Проходит еще время – он уже знает, что оно проходит днями, ночами, то задерживаясь, то разгоняясь так, что сливаются лица, слова, чувства. И кроме ленточки появляется много предметов, почему-то выделяемых им из всего уже знакомого. Он знает несколько слов, отзывается на свое имя, потому что это слово он слышал чаще всех остальных. Когда мать говорила: «Ваня», – он всегда хотел смеяться, но потом привык к имени, и мать стала выговаривать его не растянуто и длинно, заполняя этим звуком все вокруг, а просто для того, чтобы сказать еще что-нибудь, к чему он прислушивался, но не всегда понимал. Он ползал по комнате, умея делать это и медленно, и быстро, и любил добираться до какого-нибудь предмета именно тогда, когда и хотел, как и ожидал от себя. Высоко, если поднять глаза так, что можно от этого и завалиться на спину, висел шар, который мгновенно изменялся – то вспыхивал, то снова становился обыкновенным, и хотелось опять и опять вздрагивать и от восторга, и от своего неумения привыкнуть. Он чувствовал, что можно смотреть на эти прыжки света без конца – это было самое быстрое, что он знал. Остальное было медленнее – медленнее разгорался в печке огонь, медленнее текла вода, когда его умывали. Если что-то падало из рук, он видел быстрое кувырканье и уже лежащие в покое ложки, кружки, карандаши – все побывало в его руках. Он знал: если взять в руки блестящее и тяжелое, это быстро у него отберут, а то, что всегда валялось поближе к его кроватке и что брать не очень хотелось, не отбирали никогда.

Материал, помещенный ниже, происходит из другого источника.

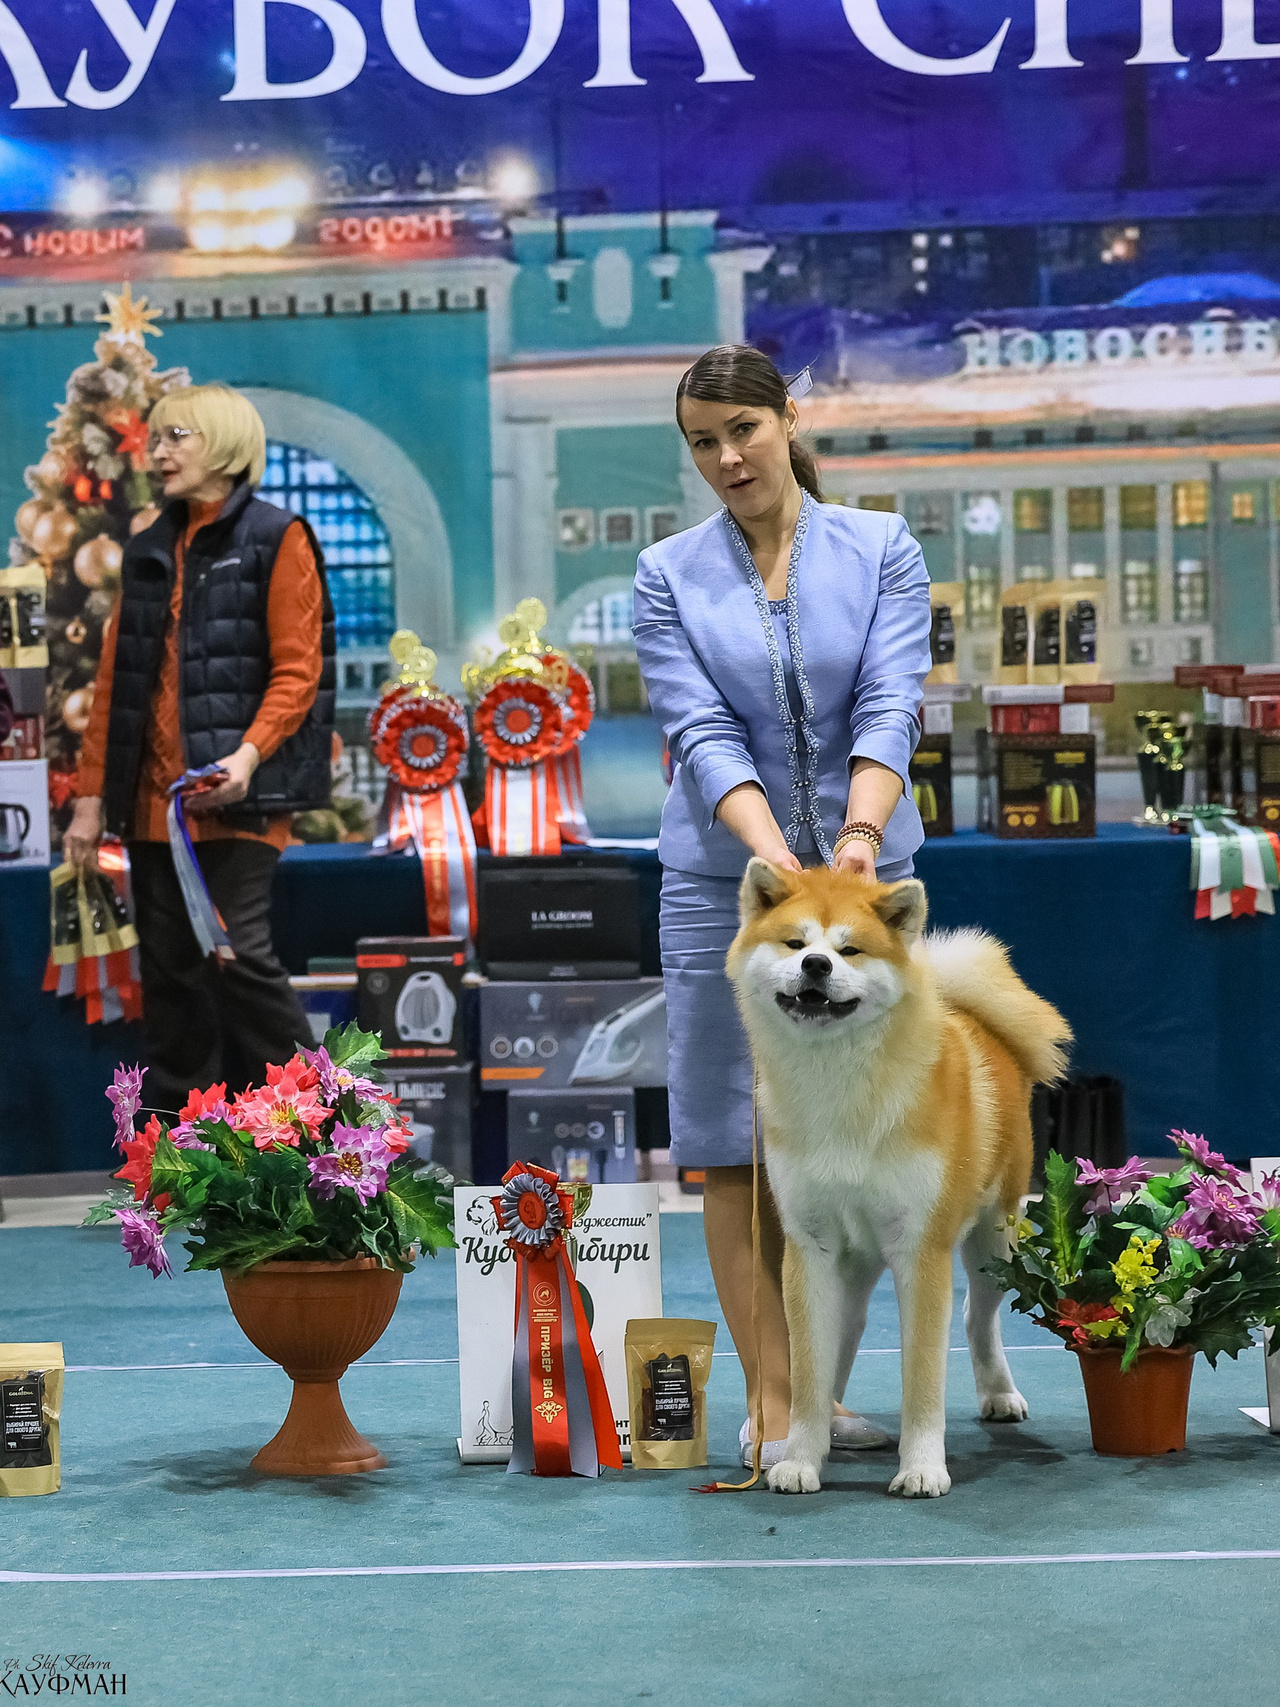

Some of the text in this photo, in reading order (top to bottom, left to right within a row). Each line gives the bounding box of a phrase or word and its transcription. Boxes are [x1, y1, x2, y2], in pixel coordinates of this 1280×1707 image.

Печка сразу испугала его, он хотел потрогать дверцу – и вдруг стало так больно, что весь он превратился только в эту мгновенную боль, которая долго не забывалась. Но издалека было интересно смотреть, как в печке что-то прыгало, сверкало и все не могло оторваться и улететь.



В комнате все было знакомо, и, чтобы найти новое, он уже научился переставлять, переносить, ставить одно на другое и чувствовал, что надо нарочно все путать, притворяться – например, считать кубики печкой, и тогда было интересно смотреть и думать, что там, внутри, должен быть огонь.

Но когда он научился залезать на стул у окна – все изменилось. Ленточка была перед глазами, и дальше было все совсем новым. Не надо было ничего трогать, а только смотреть, и он стоял, вцепившись в подоконник, долго, пока не уставал. Ему говорили: «Ваня, иди сюда», – а ему казалось, что просто отвлекают от того главного, что было в комнате. Он быстрее делал все, чего от него ждали, и спешил к окну.

Через много лет он будет вспоминать это окно и ловить себя на том, что там, за светлым пятном в стене, перечеркнутым крестом рамы, ничего нет. Он будет напрягать – уже не память, а умение придумать новое, – но будет видеть только мельтешение в тусклом свете знакомых, часто повторяемых картинок, утратив свое с ними сходство, и собрать все вместе уже нельзя, как нельзя по высохшим листкам гербария восстановить тот летний день, когда пестрый букетик принесенных из леса листьев и цветов оставался живым, хотя уже чувствовалась будущая тревога, неизбежно повторяясь в воспоминаниях.

И поэтому притягивает ясность самого первого времени, куда может вместиться вся жизнь.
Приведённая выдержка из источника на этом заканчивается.